The Telephonic Monitoring on Diabetes and co-morbid Depression (TELE-DD) Project aims to integrate prior well-stablished clinical research with collaborative care. A whole population cohort of adults (21+) with type 2 diabetes (T2D) and comorbid depression from twenty-three Health Centres from a whole Health System Region in Spain, will be approached for inclusion in the TELE-DD Project (N=7,271). Patients with confirmed diagnoses and pharmacological treatment for both diseases will be included in Phase I baseline cohort. In Phase II, 400 participants diagnosed with depression and T2D with no treatment adherence will be selected to participate in the randomised controlled trial (RCT). The TELE-DD Project is a three-stage both observational and comparative effectiveness study that includes a population-based cohort study (Phases I and III), and a nurse-led randomised controlled trial (Phase II), aimed to compare a telephonic-based psychoeducational intervention (TIG) vs treatment as usual (TAU) to improve treatment adherence (TA), and a further two- to five-year prognosis and cost-effectiveness study, in T2D patients with comorbid clinical depression from Primary Care (PC) services.

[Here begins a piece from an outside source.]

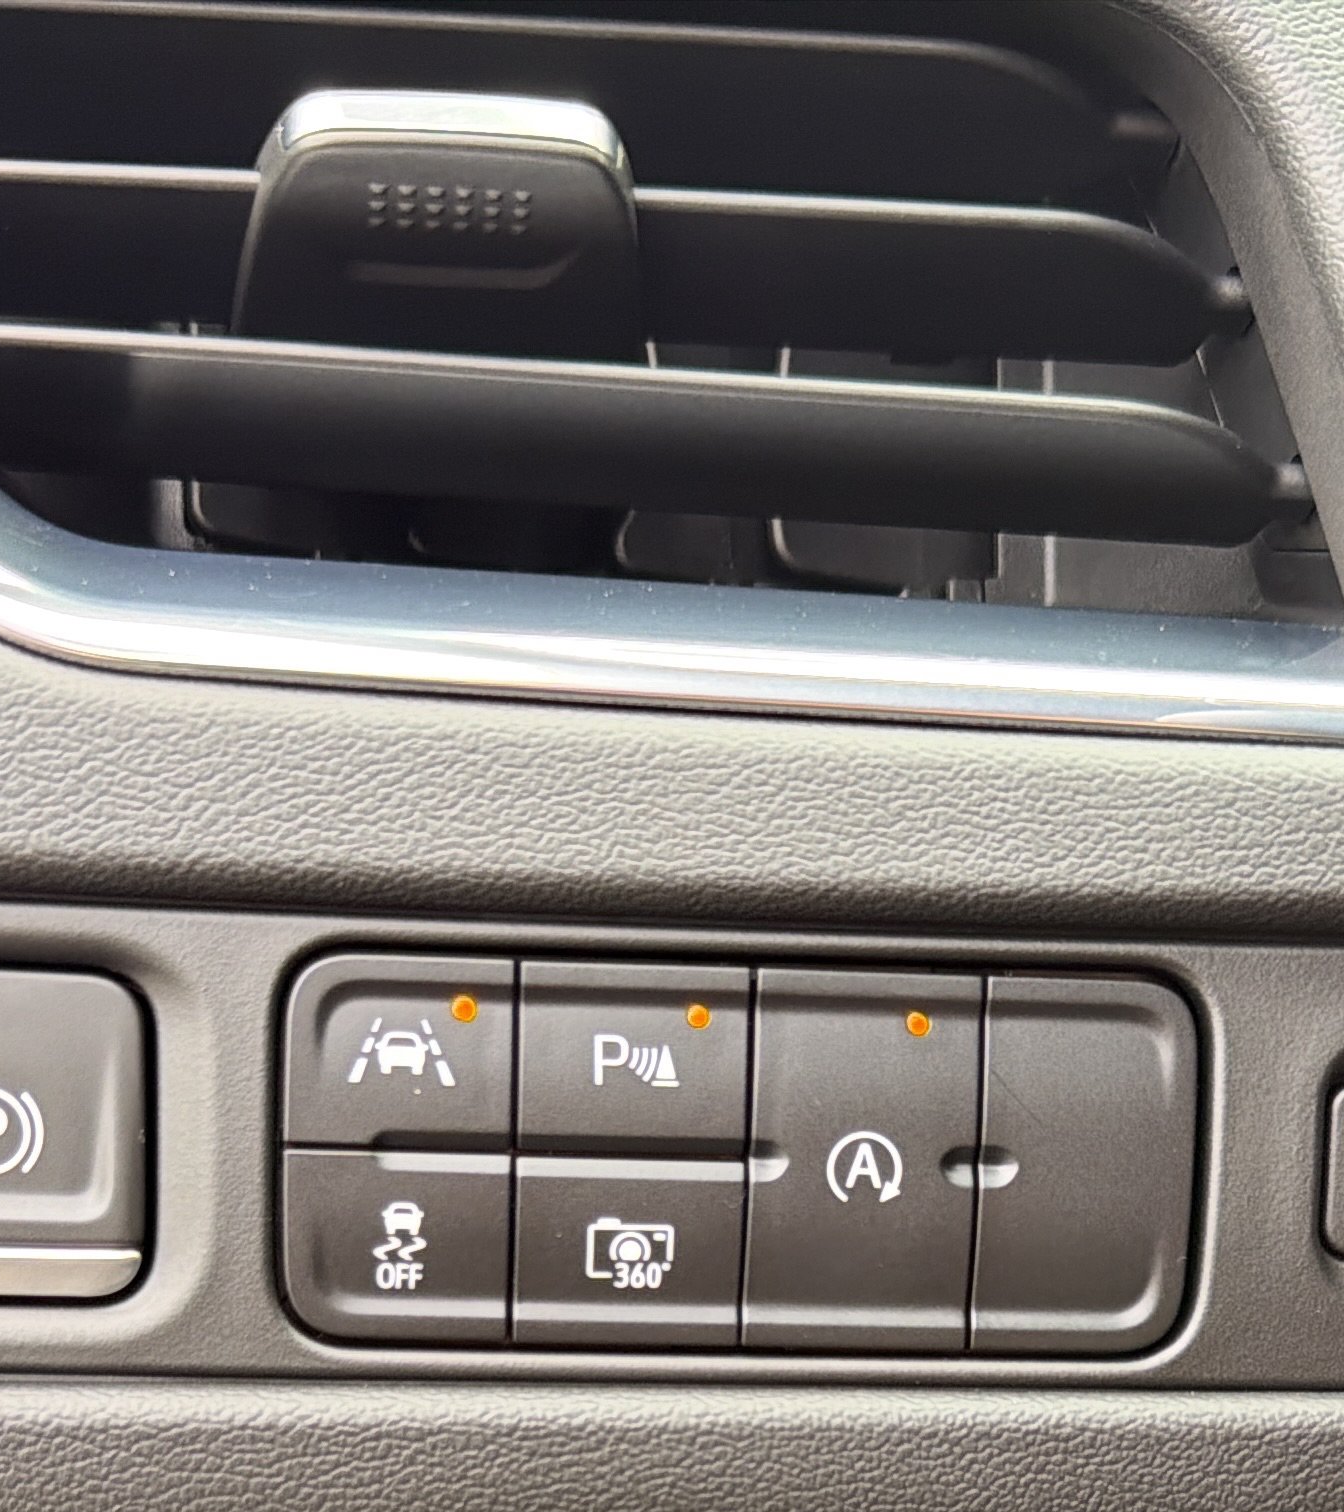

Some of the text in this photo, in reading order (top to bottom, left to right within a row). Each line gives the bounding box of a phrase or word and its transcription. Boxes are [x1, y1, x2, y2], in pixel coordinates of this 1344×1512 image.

[594, 1034, 631, 1086] P
[845, 1142, 882, 1189] A
[375, 1263, 424, 1290] OFF

The integration in the TELE-DD Project of previous clinical research and a robust epidemiological design, will improve treatment adherence and further prognosis in these through maximising clinical outcomes improvement, while guaranteeing cost-effectiveness and the long-term sustainability of findings translation to PC clinical practice services and public health programs.

Study Design

Study Type:
Interventional
Actual Enrollment :
428 participants
Allocation:
Randomized
Intervention Model:
Parallel Assignment
Masking:
Double (Care Provider, Outcomes Assessor)
Masking Description:
Primary Care specialist will be blind, but the telephonic intervention research nurses will not. For ethical and practical reasons, the trial will be unmasked, and participants will not be blind to the treatment condition once allocated.
Primary Purpose:
Treatment
Official Title:
The TELE-DD Project: a Nurse-led Randomised Controlled Trial on Treatment Adherence in Patients With Type 2 Diabetes and Comorbid Depression
Actual Study Start Date :
Jan 1, 2017
Actual Primary Completion Date :
Dec 1, 2018
Actual Study Completion Date :
Mar 1, 2020

Arms and Interventions

Arm Intervention/Treatment
Experimental: Telephone Intervention Group

Nurse-led, telephone-based, and psychoeducational intervention, centered on motivational interviewing and cognitive behavioural therapy for adherence and depression.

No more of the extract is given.